Our review of Johnny Mnemonic, published December 10th, 1999, is also available.

The Charge

What's in Johnny's head can either cure the world…or kill him.

Opening Statement

In the middle 1990s there was a boom in cyber/internet movies. With cyberspace becoming a staple in people's everyday lives, Hollywood caught on to the trend with movies like The Net, Lawnmower Man and the Keanu Reeves action sci-fi thriller Johnny Mnemonic. One of the first five titles in Columbia's new "Superbit" DVD line, Johnny Mnemonic also stars Dolph Lundgren (one of those Rocky sequels), Ice-T (Surviving The Game), Dina Meyer (Starship Troopers), and oddball rock star/poet/spoken word guru Henry Rollins. Adapted from a William Gibson short story, Johnny Mnemonic makes its second debut on DVD care of Columbia TriStar Home Entertainment.

Facts of the Case

Johnny Mnemonic is one of those rare movies that looks a lot more complicated than it really is. Strip away all the futuristic hooey and pull up the cyber curtains and what you've got is a story about a guy who's got a lot of information in his head that's gonna kill him unless he gets out, pronto!

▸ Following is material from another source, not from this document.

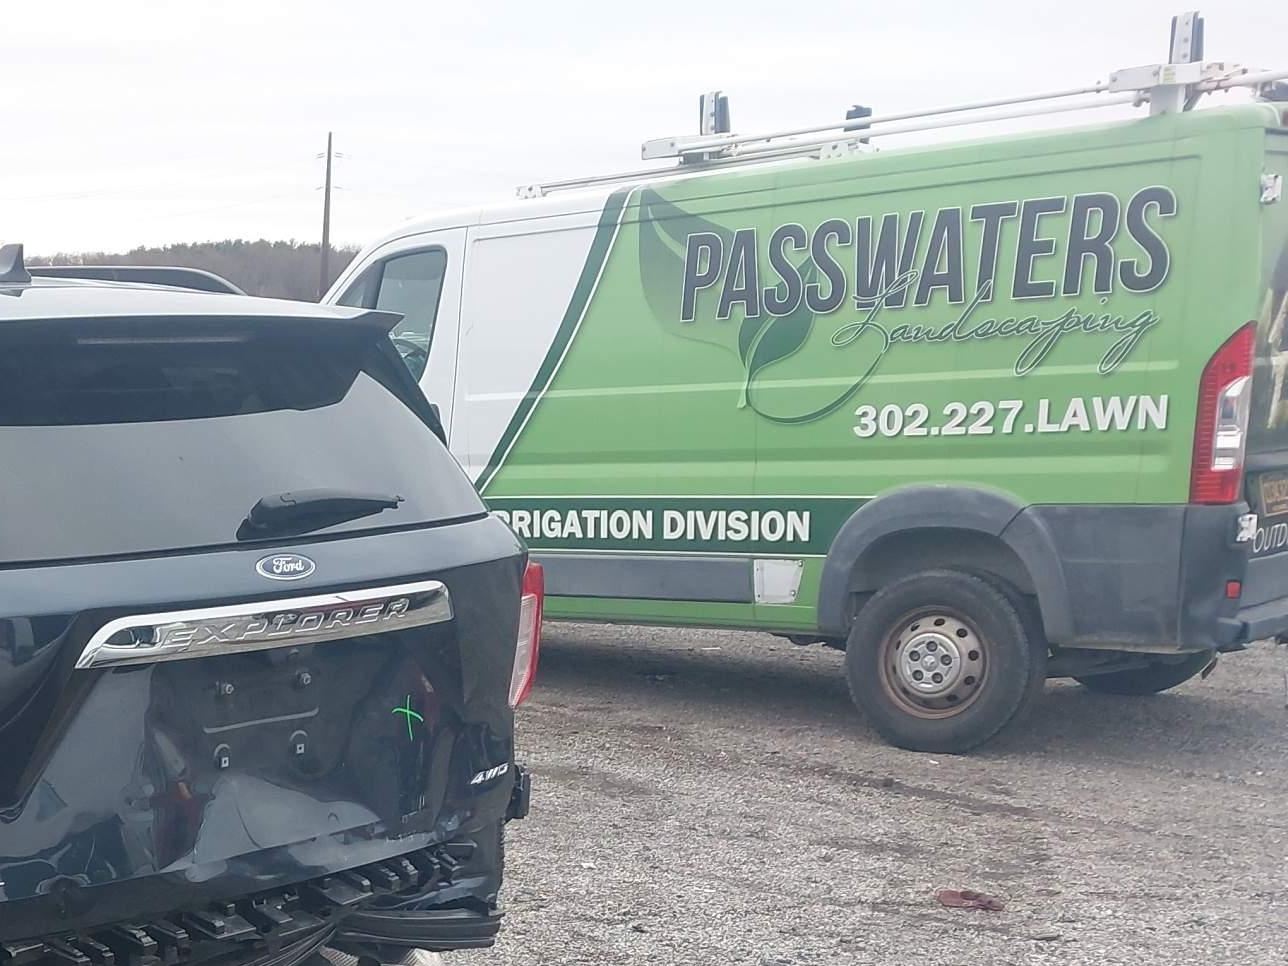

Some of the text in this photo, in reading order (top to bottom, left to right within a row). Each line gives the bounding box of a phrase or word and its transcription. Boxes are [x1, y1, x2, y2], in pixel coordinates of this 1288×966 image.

Johnny (Reeves, Bill and Ted's Excellent Adventure, Speed) is working as a courier of information for a large Japanese business. In the year 2021 corporations seem to run things, and the best way to get information from here to there is inside people's heads. Upgraded with some kind of mega storage capacity for data, Johnny is on the run from a lot of bad guys who want the information that's inside his head…however, he's uploaded TOO MUCH information, and if it ain't out soon it's going to kill poor old Johnny. You see, the new "information age" (i.e., technology) has spawned a deadly disease known as NAS (Nerve Attenuation Syndrome). This causes people to shake violently and generally look like their body is having a very unpleasant time. Johnny's beautiful bodyguard (Meyer) has this problem, as do millions of other citizens around the globe. The cure for this disease is what Johnny is carrying in his head. If this weren't bad enough, Johnny has some Japanese crime lords on his tail, as well as a deranged preacher (Lundgren) who kills in the name of Jesus Christ.

Can Johnny get his noggin' clear in time to save his life? And if so, will there ever be a time when Reeves doesn't act like a member of "Wyld Stallyons?"

The Evidence

Johnny Mnemonic is easily one of the most mundane action movies I've seen in a long, long time. With a relatively paper thin story and some very un-flashy action set pieces, Johnny Mnemonic just doesn't cut it as action, sci-fi, or thriller.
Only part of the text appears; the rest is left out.